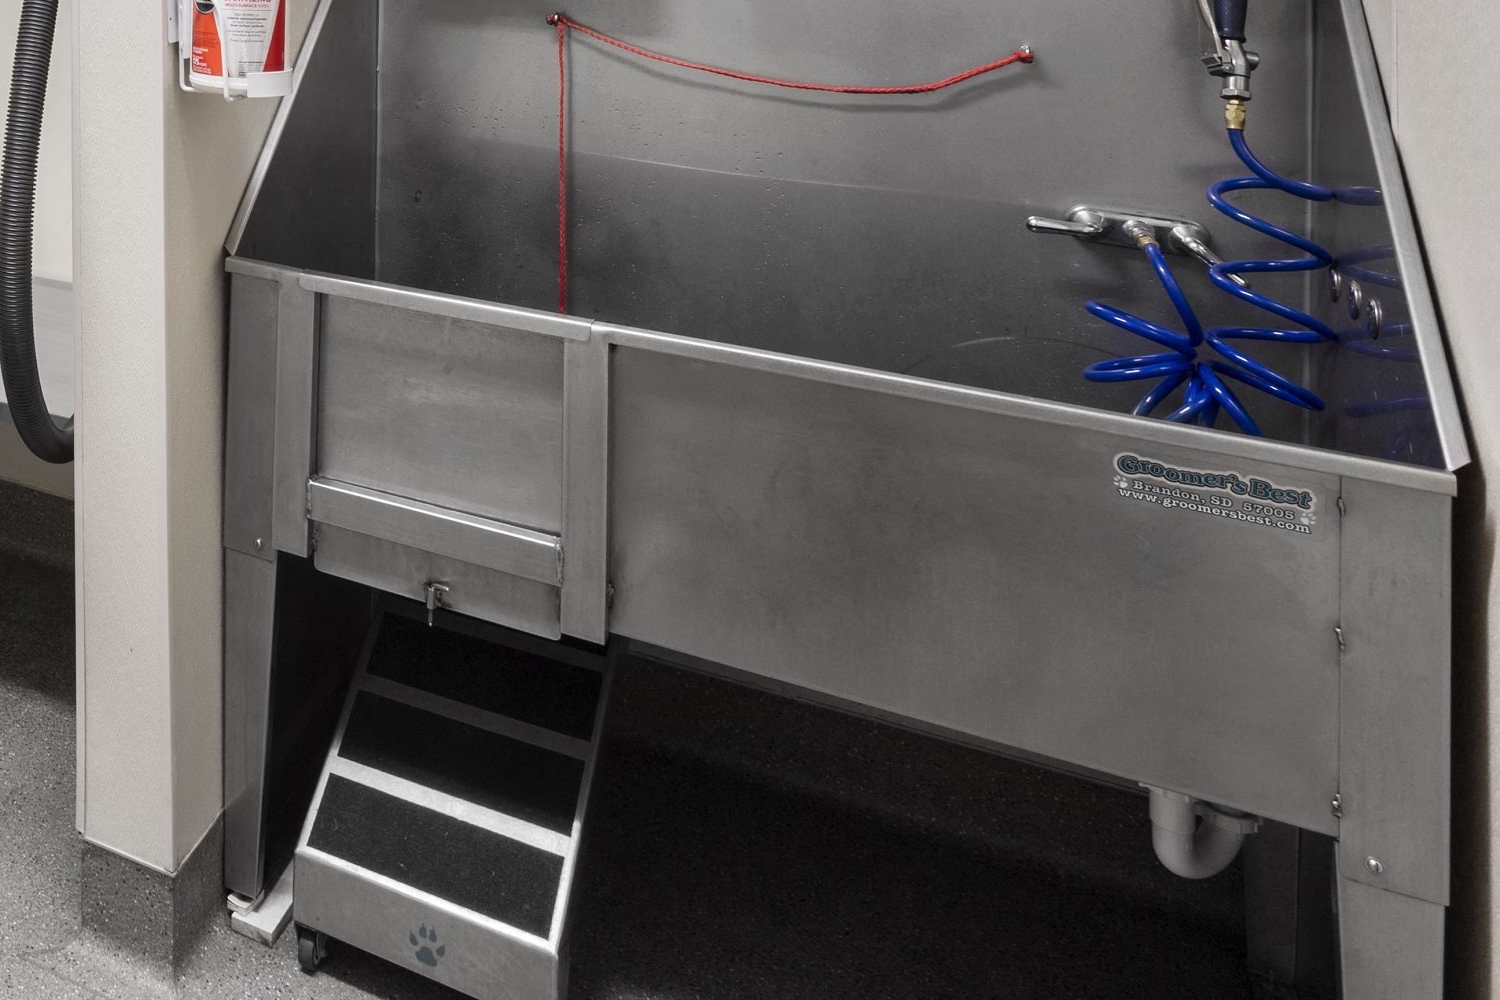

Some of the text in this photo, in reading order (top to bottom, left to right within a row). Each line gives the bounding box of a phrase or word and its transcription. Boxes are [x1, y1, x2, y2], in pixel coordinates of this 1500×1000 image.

[1117, 454, 1313, 510] Groomer's Best
[1132, 479, 1296, 521] Brandon, SD 57005
[1118, 488, 1312, 534] www.groomersbest.com
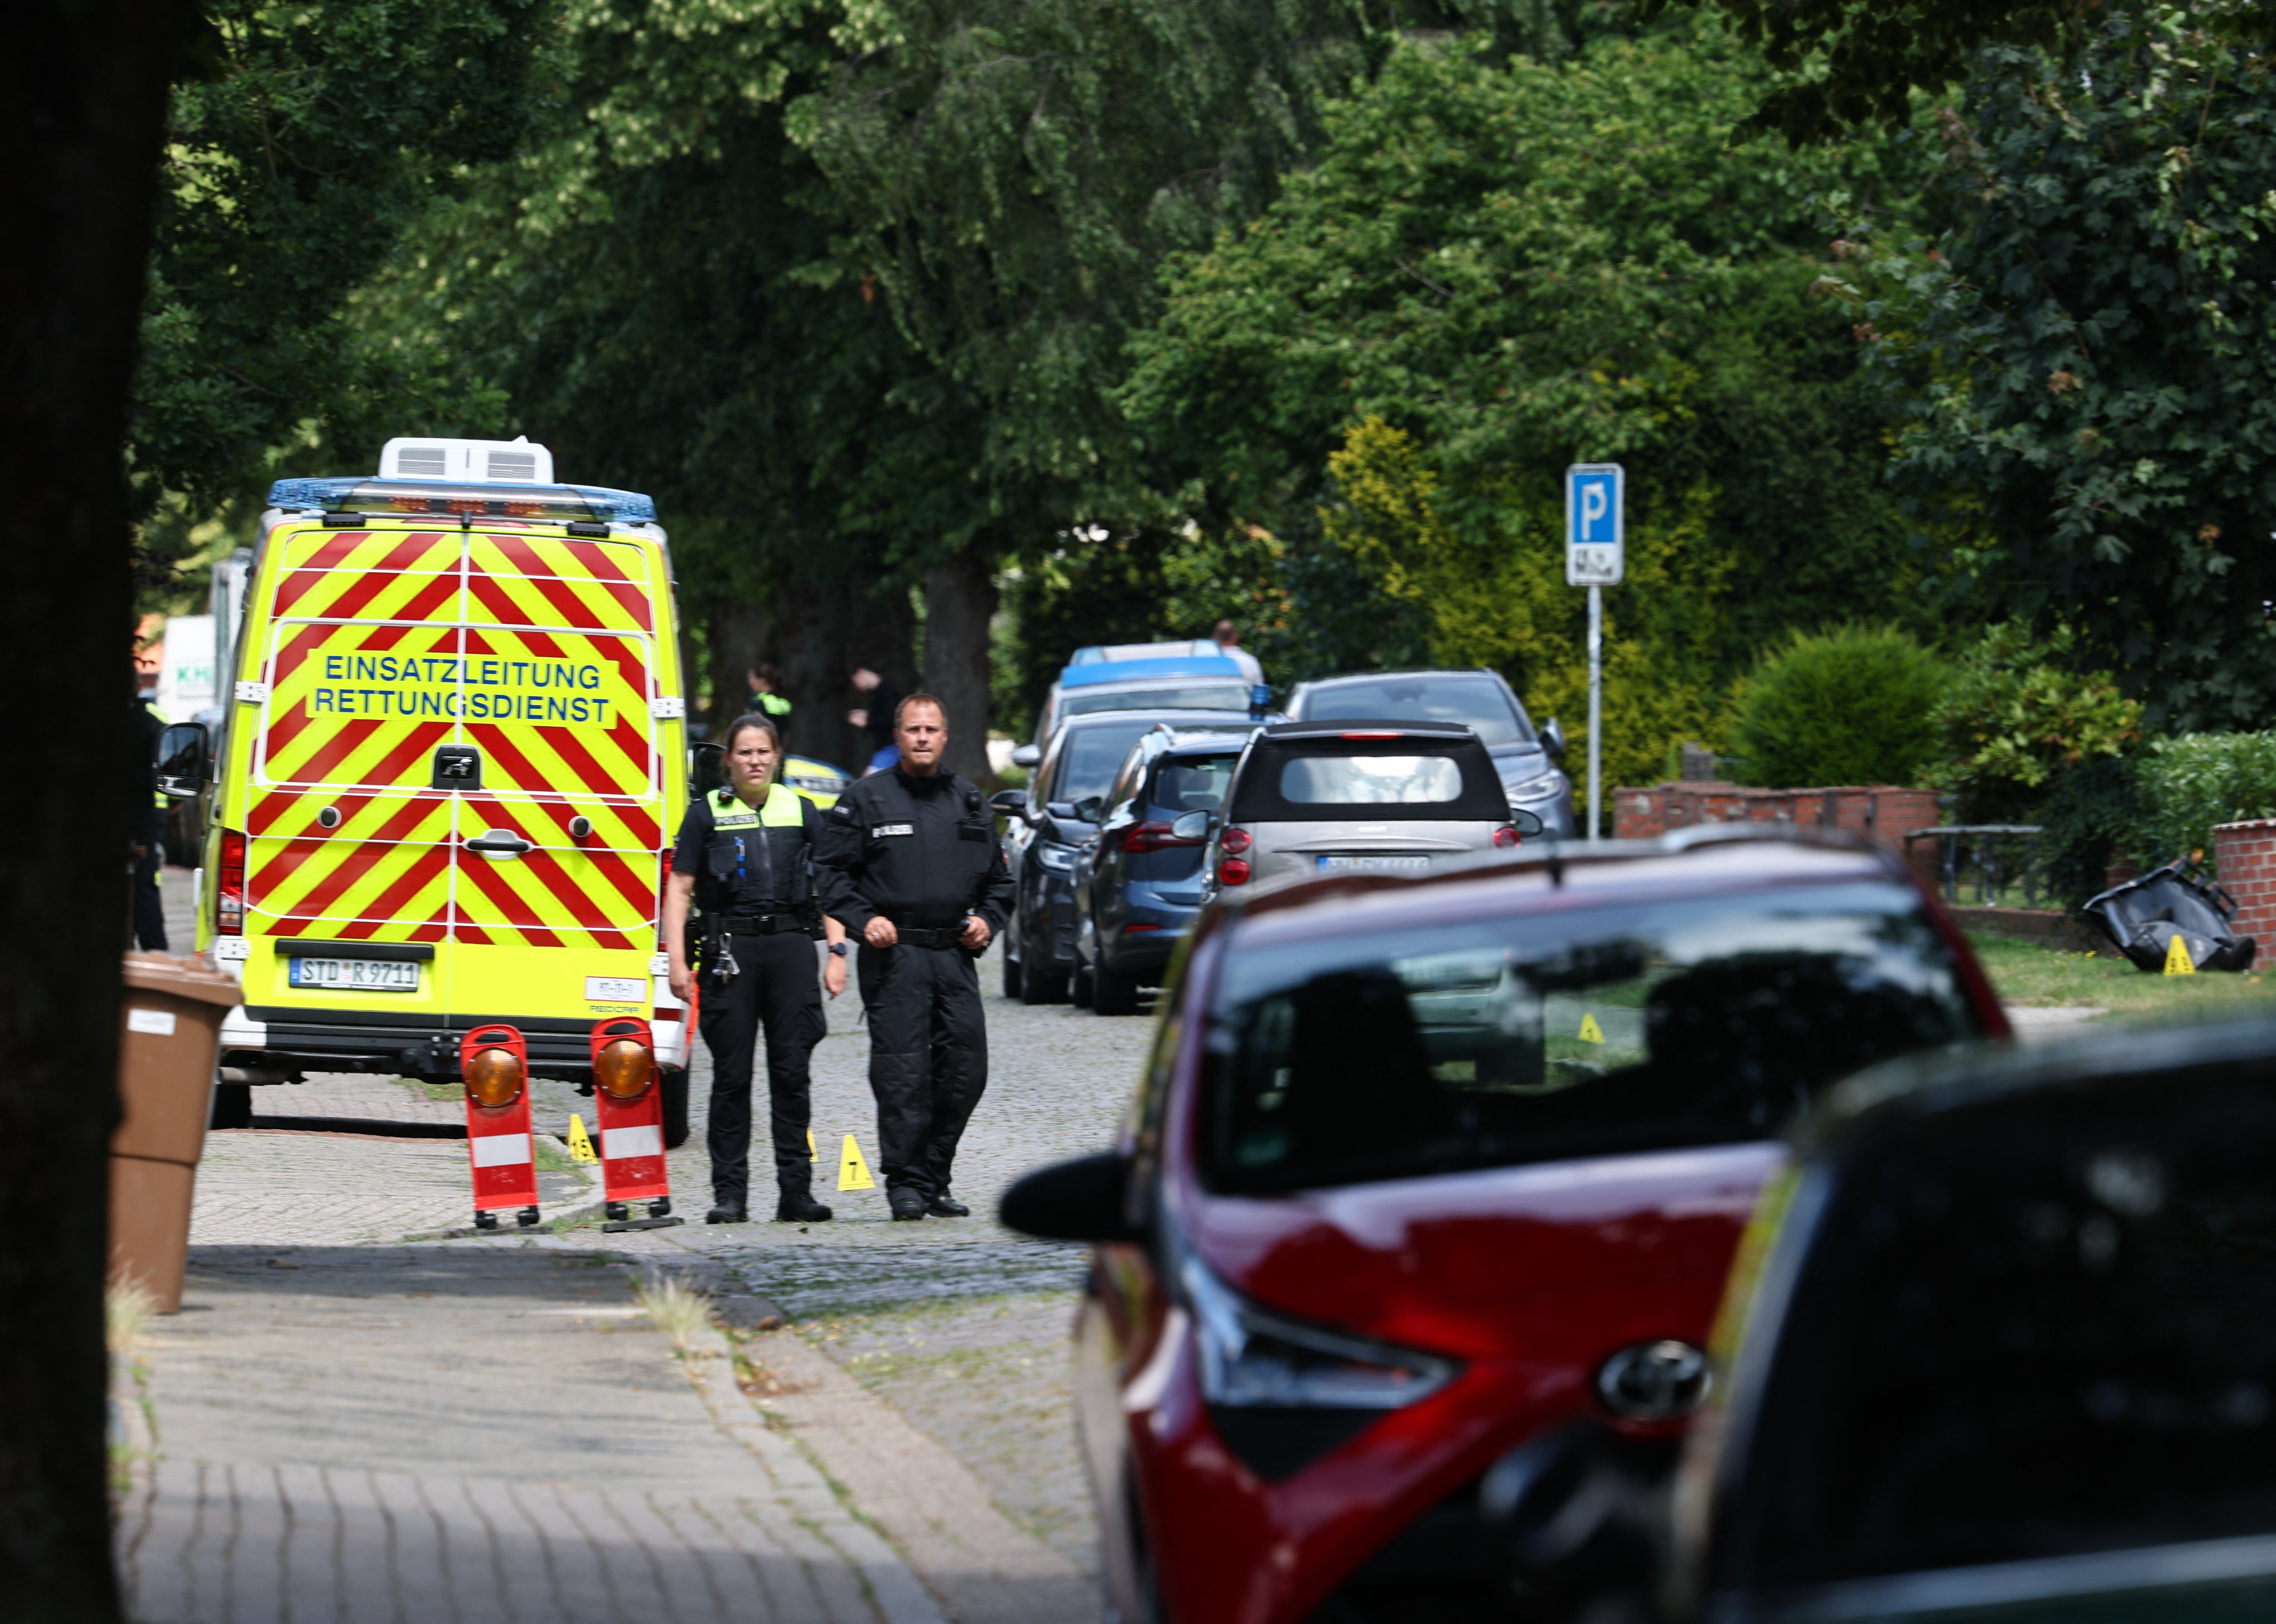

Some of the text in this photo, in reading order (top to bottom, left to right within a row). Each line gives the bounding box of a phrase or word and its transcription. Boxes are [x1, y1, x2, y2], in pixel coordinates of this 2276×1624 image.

[1582, 483, 1607, 541] P
[326, 655, 600, 689] EINSATZLEITUNG
[315, 688, 609, 723] RETTUNGSDIENST
[303, 961, 338, 981] STD
[353, 962, 364, 982] R
[371, 963, 417, 984] 9711
[848, 1161, 857, 1182] 7

::::

Pictures stay out; everything else in the records above gets copied exactly.

Some of the text in this photo, in reading order (top to bottom, left to right within a row). Each line gives the bounding box of a phrase or word and its transcription. Boxes are [x1, y1, x2, y2], in pixel coordinates of this 1500×1000 image.

[1117, 454, 1313, 510] Groomer's Best
[1132, 479, 1296, 521] Brandon, SD 57005
[1118, 488, 1312, 534] www.groomersbest.com

Some of the text in this photo, in reading order (top to bottom, left to right within a row). Each line gives the bounding box of a phrase or word and its transcription. Boxes are [x1, y1, x2, y2], in pixel coordinates of this 2276×1624 image.

[1582, 483, 1607, 541] P
[326, 655, 600, 689] EINSATZLEITUNG
[315, 688, 609, 723] RETTUNGSDIENST
[303, 961, 338, 981] STD
[353, 962, 364, 982] R
[371, 963, 417, 984] 9711
[848, 1161, 857, 1182] 7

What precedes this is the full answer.